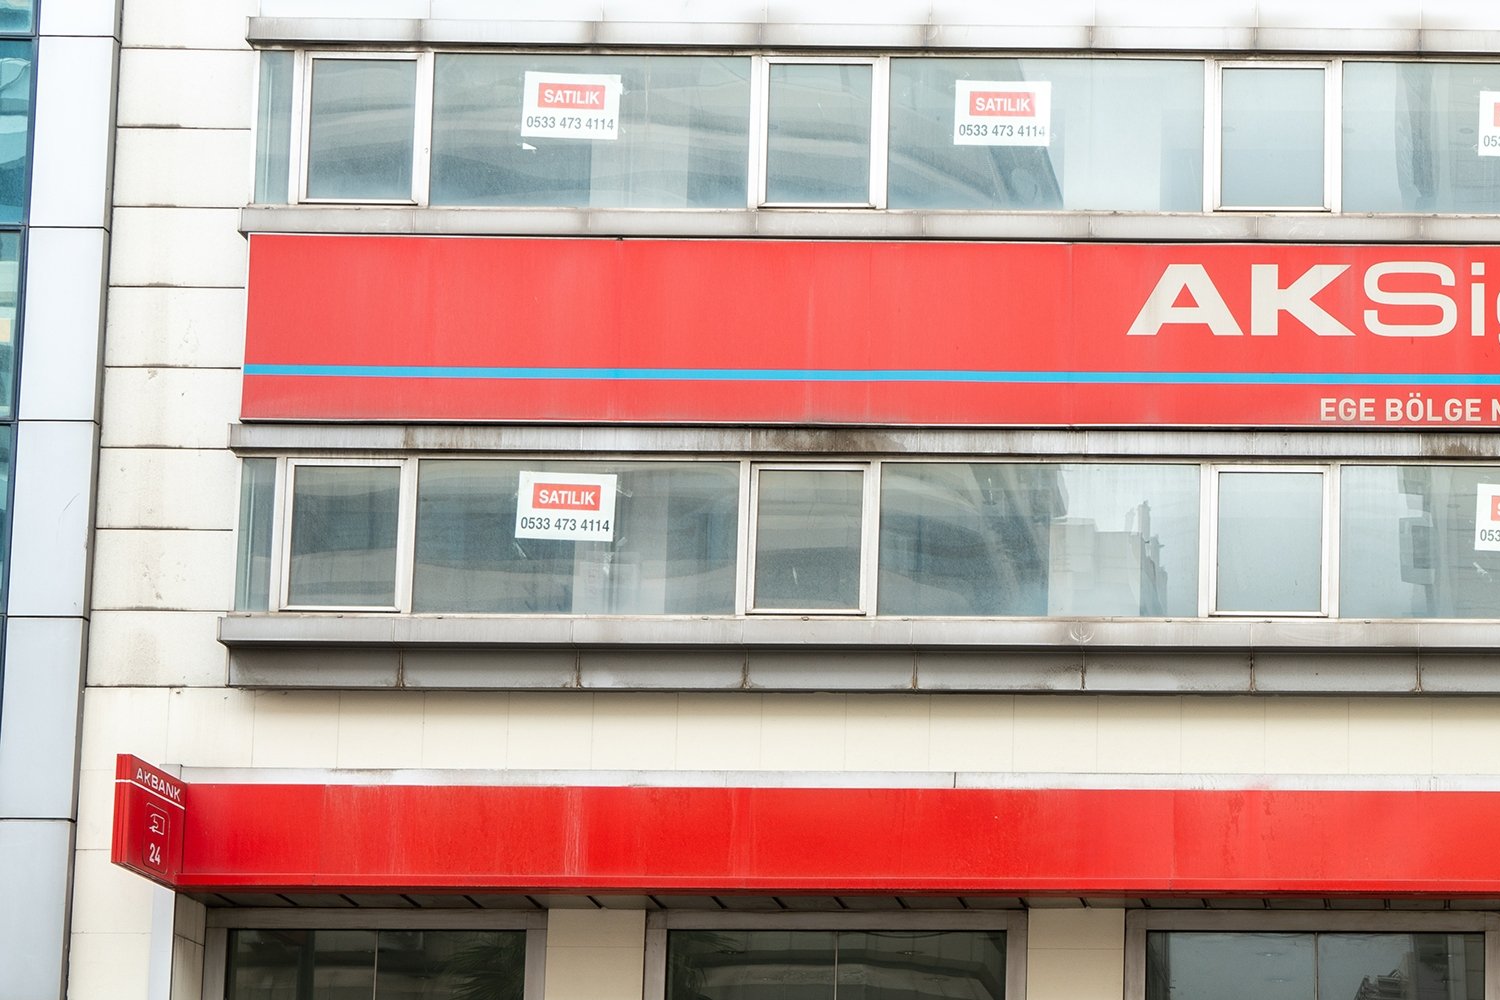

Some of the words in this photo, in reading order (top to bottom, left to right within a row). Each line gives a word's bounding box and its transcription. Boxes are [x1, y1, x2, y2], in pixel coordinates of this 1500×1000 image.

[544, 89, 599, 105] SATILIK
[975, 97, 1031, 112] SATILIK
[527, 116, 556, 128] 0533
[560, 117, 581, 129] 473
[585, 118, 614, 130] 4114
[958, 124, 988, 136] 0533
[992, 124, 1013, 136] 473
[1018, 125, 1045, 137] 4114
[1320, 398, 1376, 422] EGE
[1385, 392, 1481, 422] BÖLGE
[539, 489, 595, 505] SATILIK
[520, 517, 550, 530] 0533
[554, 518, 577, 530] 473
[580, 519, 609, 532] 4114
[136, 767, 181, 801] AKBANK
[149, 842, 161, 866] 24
= = =
ACTIVITY:
Output the listing above in full and exactly, with pictures excluded.

SOLUTION TO THE EXERCISE:
Some of the words in this photo, in reading order (top to bottom, left to right within a row). Each line gives a word's bounding box and its transcription. Boxes are [x1, y1, x2, y2], in pixel coordinates of this 1500×1000 image.

[544, 89, 599, 105] SATILIK
[975, 97, 1031, 112] SATILIK
[527, 116, 556, 128] 0533
[560, 117, 581, 129] 473
[585, 118, 614, 130] 4114
[958, 124, 988, 136] 0533
[992, 124, 1013, 136] 473
[1018, 125, 1045, 137] 4114
[1320, 398, 1376, 422] EGE
[1385, 392, 1481, 422] BÖLGE
[539, 489, 595, 505] SATILIK
[520, 517, 550, 530] 0533
[554, 518, 577, 530] 473
[580, 519, 609, 532] 4114
[136, 767, 181, 801] AKBANK
[149, 842, 161, 866] 24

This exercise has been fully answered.